Y con un nuevo esfuerzo, lo tiró al mar que se extendía a sus pies. El alemán, que no parecía alemán, había levantado los brazos con miedo cuando la sombra del árbol pasó sobre su cabeza. Al ver que el terrible irlandés se disponía a arrancar un segundo árbol, se apartó precipitadamente de la mesa. El segundo descuaje fue más fácil que el anterior y, antes de mandarlo a reunirse con el otro, lo mantuvo un momento encima de su cabeza como un malabarista.
Lord Ivywood mostró más aplomo, pero se levantó con expresión de profundo disgusto. Sólo el turco permaneció impávido, con la mirada perdida. Dalroy arrancó el último árbol y lo tiró al mar, dejando la isla enteramente calva.
--¡Ahí lo tienen! -dijo Dalroy mientras el tercero y último olivo desaparecía en un remolino de espuma-. Y ahora me voy. Hoy he conocido algo peor que la muerte y a lo que vosotros habéis dado el nombre de paz.
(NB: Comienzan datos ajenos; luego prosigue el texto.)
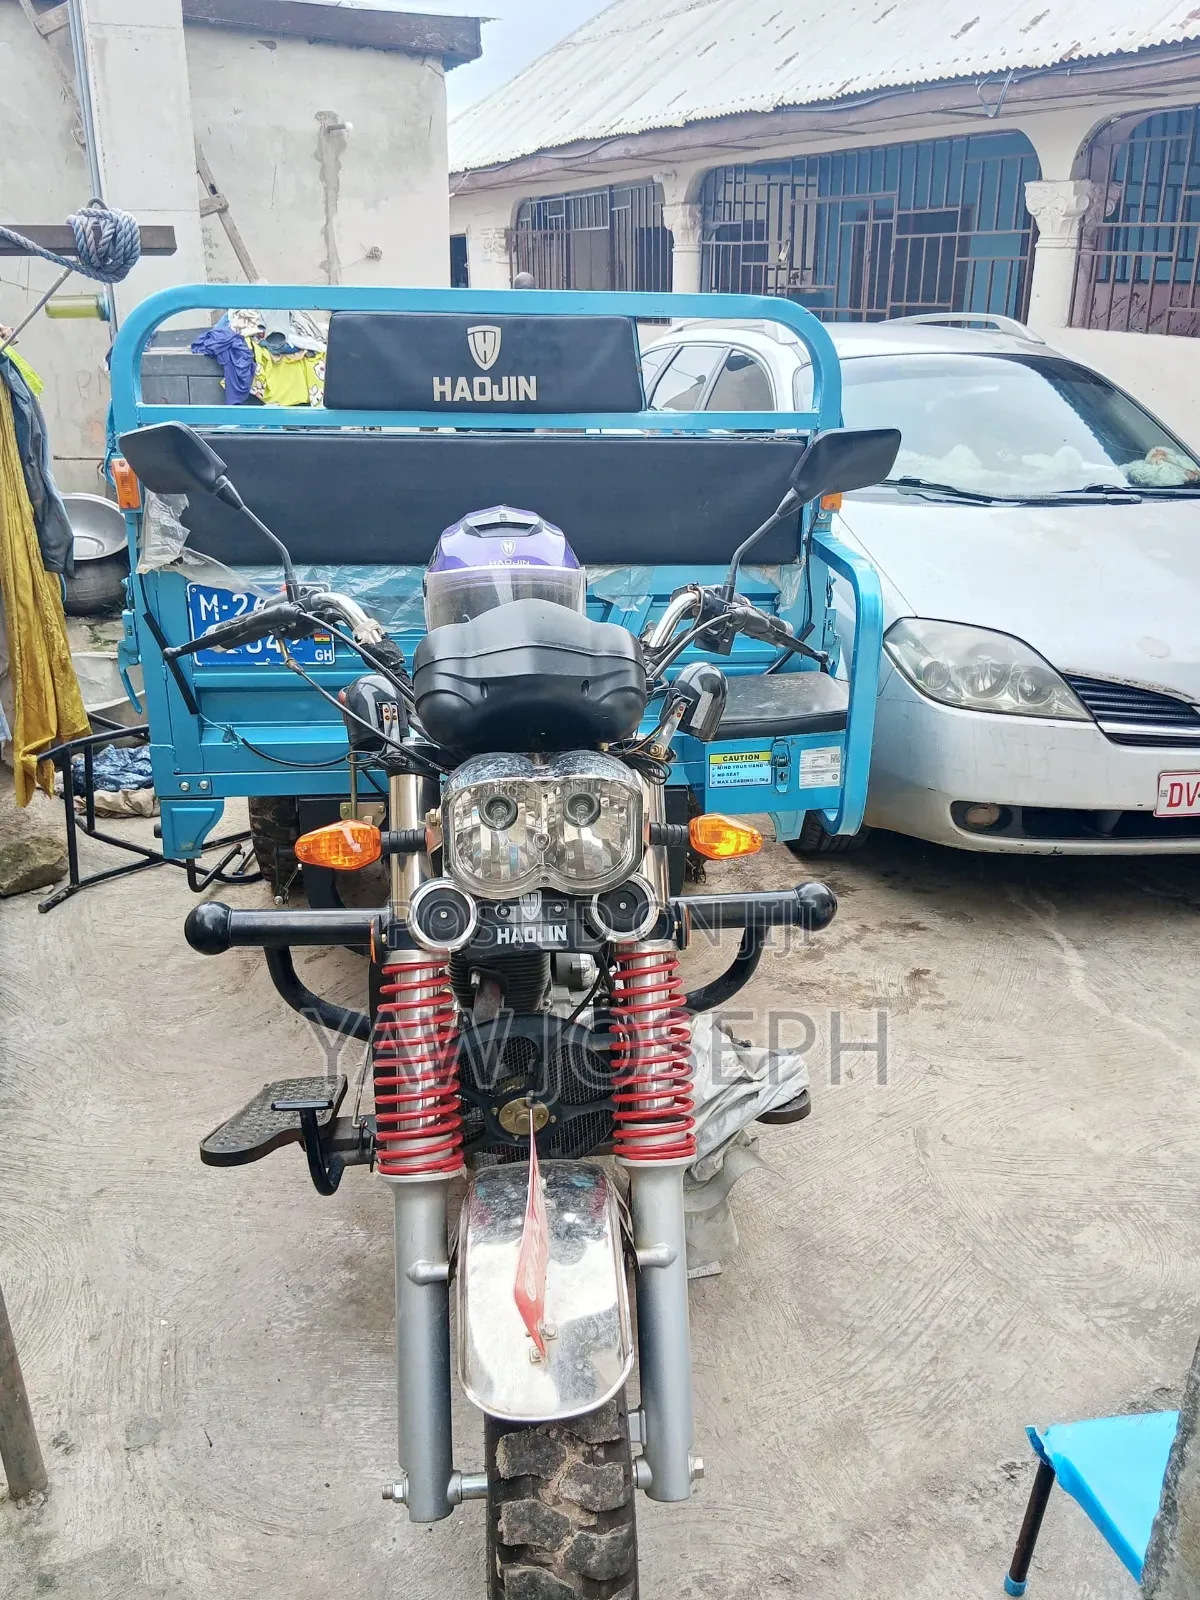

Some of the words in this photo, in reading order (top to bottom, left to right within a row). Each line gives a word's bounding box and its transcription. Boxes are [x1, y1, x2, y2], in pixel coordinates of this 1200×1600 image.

[433, 375, 537, 402] HAOJIN
[315, 649, 333, 661] GH
[722, 754, 760, 762] CAUTION
[497, 924, 567, 945] HAOJIN
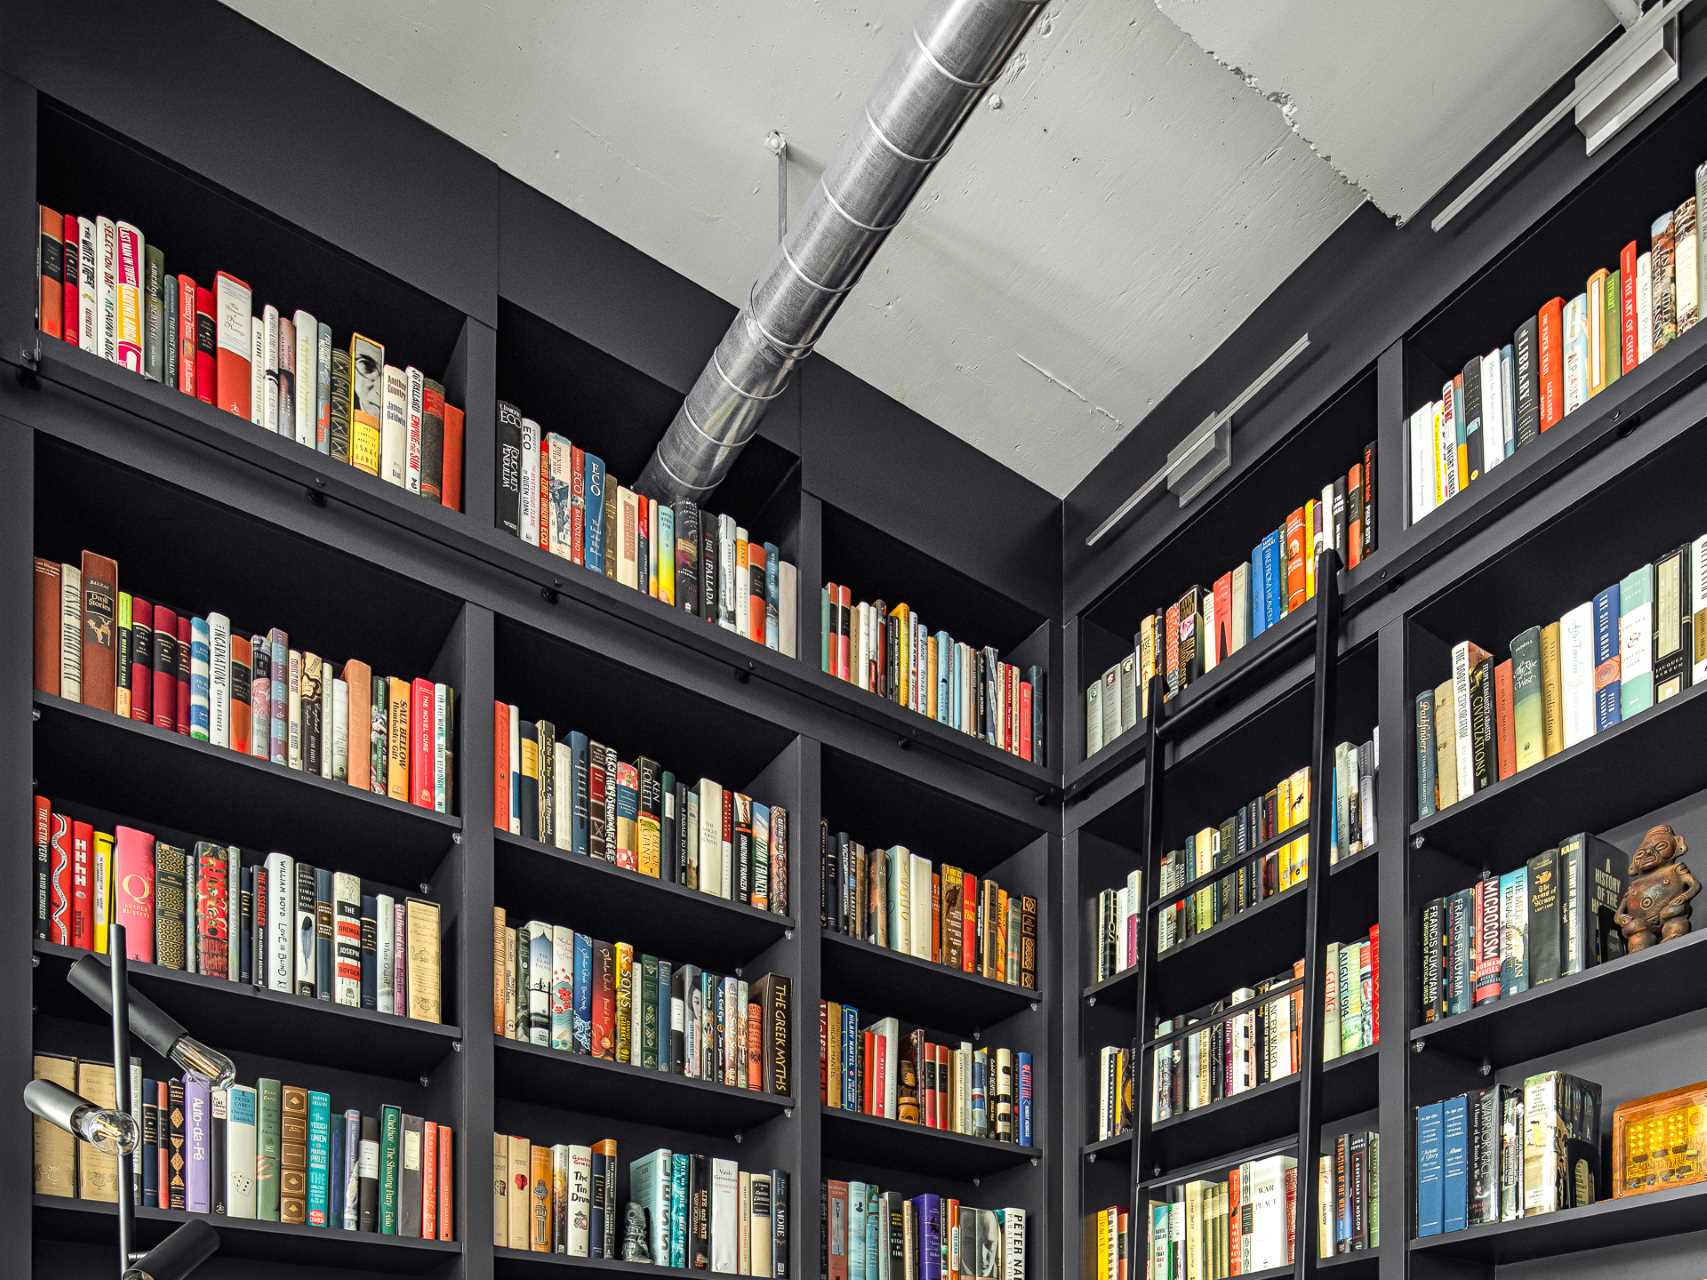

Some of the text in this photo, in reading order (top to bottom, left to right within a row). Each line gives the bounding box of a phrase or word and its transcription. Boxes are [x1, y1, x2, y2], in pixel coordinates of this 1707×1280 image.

[82, 239, 94, 262] WHITE
[119, 227, 131, 243] LAST
[122, 243, 133, 256] MAN
[104, 224, 114, 288] SELECTION DAY
[83, 264, 94, 289] TIGER
[124, 263, 137, 286] TOWER
[1625, 275, 1633, 296] THE
[1625, 298, 1633, 318] ART
[1625, 320, 1633, 332] OF
[1519, 341, 1529, 401] LIBRARY
[412, 381, 420, 412] BALLARD
[523, 426, 531, 449] ECO
[502, 444, 511, 488] PENDULUM
[591, 463, 601, 496] ECO
[1599, 594, 1609, 659] THE SILK ROADS
[214, 629, 226, 687] INCARNATIONS
[1186, 637, 1195, 662] ATLAS
[1456, 648, 1468, 740] THE BOOK OF EXPLORATION
[1546, 683, 1554, 736] Civilization
[399, 700, 408, 769] SAUL BELLOW
[1417, 701, 1431, 752] Pathfinders
[1472, 695, 1486, 777] CIVILIZATIONS
[643, 767, 651, 808] FOLLETT
[652, 780, 660, 801] KEN
[40, 808, 48, 820] THE
[39, 822, 48, 862] BETRAYERS
[279, 860, 287, 893] WILLIAM
[755, 864, 767, 898] FRANZEN
[1595, 868, 1621, 894] HISTORY
[1606, 858, 1611, 873] A
[344, 906, 354, 914] THE
[1597, 887, 1618, 908] OF THE
[1483, 880, 1499, 960] MICROCOSM
[340, 947, 359, 957] JOSEPH
[1423, 943, 1429, 954] OF
[1429, 905, 1438, 1003] FRANCIS FUKUYAMA
[1454, 898, 1464, 997] FRANCIS FUKUYAMA
[1339, 951, 1350, 1018] AUGUST 1914
[776, 985, 786, 1090] THE GREEK MYTHS
[192, 1098, 205, 1161] Auto-da-Fé
[1481, 1100, 1491, 1178] WARRIOR RACE
[384, 1114, 396, 1227] Chekhov The Shooting Party Folio
[1336, 1143, 1344, 1172] FRACTION
[574, 1171, 588, 1183] The
[575, 1184, 588, 1193] Tin
[1337, 1174, 1344, 1183] OF
[1355, 1195, 1360, 1203] IN
[1013, 1214, 1023, 1254] PÉTER
Omán Pachá se levantó y le tendió la mano.
--Tiene razón -le dijo en francés-; confío en que nos veremos en la única vida que merece ser vivida. Y ahora, ¿adónde va usted?
--Voy a volver a El Viejo Navío -dijo Dalroy con aire pensativo.
--¿Va a unirse de nuevo a la Armada del rey de Inglaterra?
--No -contestó el otro-. El Viejo Navío al que voy a volver es el que se halla detrás de los manzanos de Pebblewick, cerca del lugar en que el río Ule se desliza entre los árboles. Me temo que allí no nos vamos a encontrar.
Después de un momento de vacilación, sacudió la mano rojiza del gran tirano y se dirigió hacia su barco sin conceder una sola mirada a los diplomáticos.